Find the area under one arch of curve y=cos(x/4). This lesson is plane areas in rectangular coordinates. I don't know how to solve it. Thanks for your help.
First, we get the boundaries of the arch. The boundaries of the arch has y-coordinate of zero (when it crosses the x-axis), thus,
0 = cos(x/4)
cos^-1 (0) = x/4
π/2 = x/4
x = 2π
-π/2 = x/4
x = -2π
Thus, boundary is from -2π to 2π. Actually, there are several boundaries (like from 6π to 10π) if you plot y=cos(x/4), but here, lets just use -2π to 2π.
Then set-up the integral. Imagine vertical strips that fill the region inside the arch, that goes from -2π to 2π. Thus,
∫ y dx , from -2π to 2π
∫ cos(x/4) , from -2π to 2π
= 4 sin(x/4) , from -2π to 2π
= 4 sin(2π/4) - 4 sin(-2π/4)
= 4(1) - 4(-1)
= 4 + 4
= 8
You can also do the same for boundary from 6π to 10π, you should get the same answer.
hope this helps~ `u`
Well, finding the area under a curve can be quite a daunting task, but fear not, because Clown Bot is here to make it a little more fun for you! Ready or not, here we go!
So we need to find the area under the curve y = cos(x/4) for one arch. First things first, let's find the limits of integration.
To determine the limits, we need to ask ourselves, "Where does one arch of this curve start and end?" Well, since we're dealing with cosine, we know that the curve repeats every 2π units. So we can take one complete repetition of the curve and call that the "arch."
Now, we just need to figure out where the arch starts and ends. We know that one complete repetition of the curve occurs when x increases by 2π. So, to find the limits of integration, we just need to figure out how many repetitions of the curve fit within our desired arch.
In this case, since we want one arch, we will have our limits from 0 to 2π. These represent the starting and ending points of one complete arch.
Now, let's find the area using integration. Remember, the formula for finding the area under a curve is:
A = ∫[lower limit, upper limit] f(x) dx
In this case, f(x) = cos(x/4), and our limits are 0 to 2π. So, let's integrate!
A = ∫[0, 2π] cos(x/4) dx
And that's it! Plug in those limits and evaluate the integral, and you'll have your answer. Good luck, and may the clowning around commence!
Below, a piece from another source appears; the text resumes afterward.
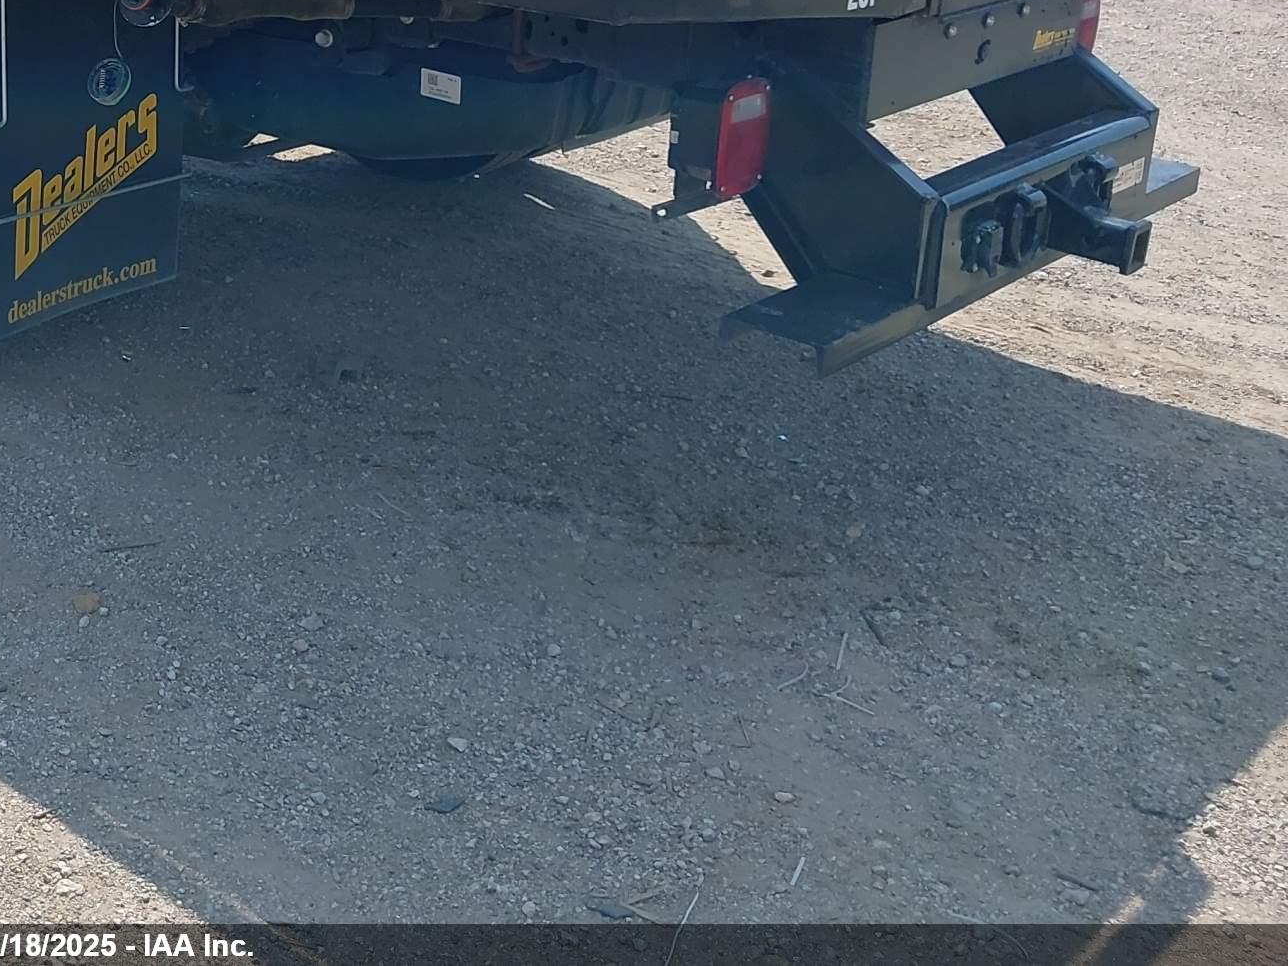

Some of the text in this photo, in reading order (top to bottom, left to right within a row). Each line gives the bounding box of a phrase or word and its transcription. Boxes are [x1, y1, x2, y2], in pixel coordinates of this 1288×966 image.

To find the area under one arch of the curve y = cos(x/4), you can use integration.
Step 1: Determine the limits of integration. Since you want to find the area under one arch of the curve, you need to identify the x-values at the start and end of the arch. The cosine function has a period of 2π, which means one full arch occurs from x = -4π to x = 4π.
Step 2: Set up the integral. The area under the curve can be found using the definite integral:
A = ∫[from -4π to 4π] cos(x/4) dx
Step 3: Evaluate the integral. To integrate the cosine function, you can use the substitution method. Let u = x/4, then du = (1/4)dx. The integral becomes:
A = ∫[from -4π/4 to 4π/4] cos(u) (4du)
Simplifying,
A = 4 ∫[from -π to π] cos(u) du
Using the integral of cosine, the evaluation becomes:
A = 4 [sin(u)] [from -π to π]
A = 4 [sin(π) - sin(-π)]
Since sin(π) = 0 and sin(-π) = 0,
A = 4 * 0
A = 0
Therefore, the area under one arch of the curve y = cos(x/4) is zero.
To find the area under the curve y = cos(x/4), you can use definite integration. The definite integral represents the area between a function and the x-axis within a specified interval.
Step 1: Determine the limits of integration.
Since we want to find the area under one arch of the curve, we need to find the x-values at which the curve intersects the x-axis. To do this, set y = 0:
0 = cos(x/4)
Solving for x, we get:
x/4 = π/2, 3π/2, 5π/2, ...
Multiplying both sides by 4, we find:
x = 2π, 6π, 10π, ...
So the limits of integration are x = 2π and x = 6π (the first arch).
Step 2: Set up and evaluate the definite integral.
The integral of the function y = cos(x/4) within the limits x = 2π to x = 6π will give us the area under the curve.
The integral is written as:
∫[2π, 6π] cos(x/4) dx
To evaluate this definite integral, you can use various techniques such as substitution or integration by parts. In this case, the integral is easily evaluated.
∫[2π, 6π] cos(x/4) dx = 4 sin(x/4) |_2π^6π
Evaluating the definite integral at the limits, we get:
4 sin(6π/4) - 4 sin(2π/4) = 4 sin(3π/2) - 4 sin(π/2)
Simplifying further, we have:
4 (-1) - 4 (1) = -8
Therefore, the area under one arch of the curve y = cos(x/4) is -8 square units.
Note: The negative sign indicates that the area is below the x-axis, as cos(x/4) is negative for the given interval.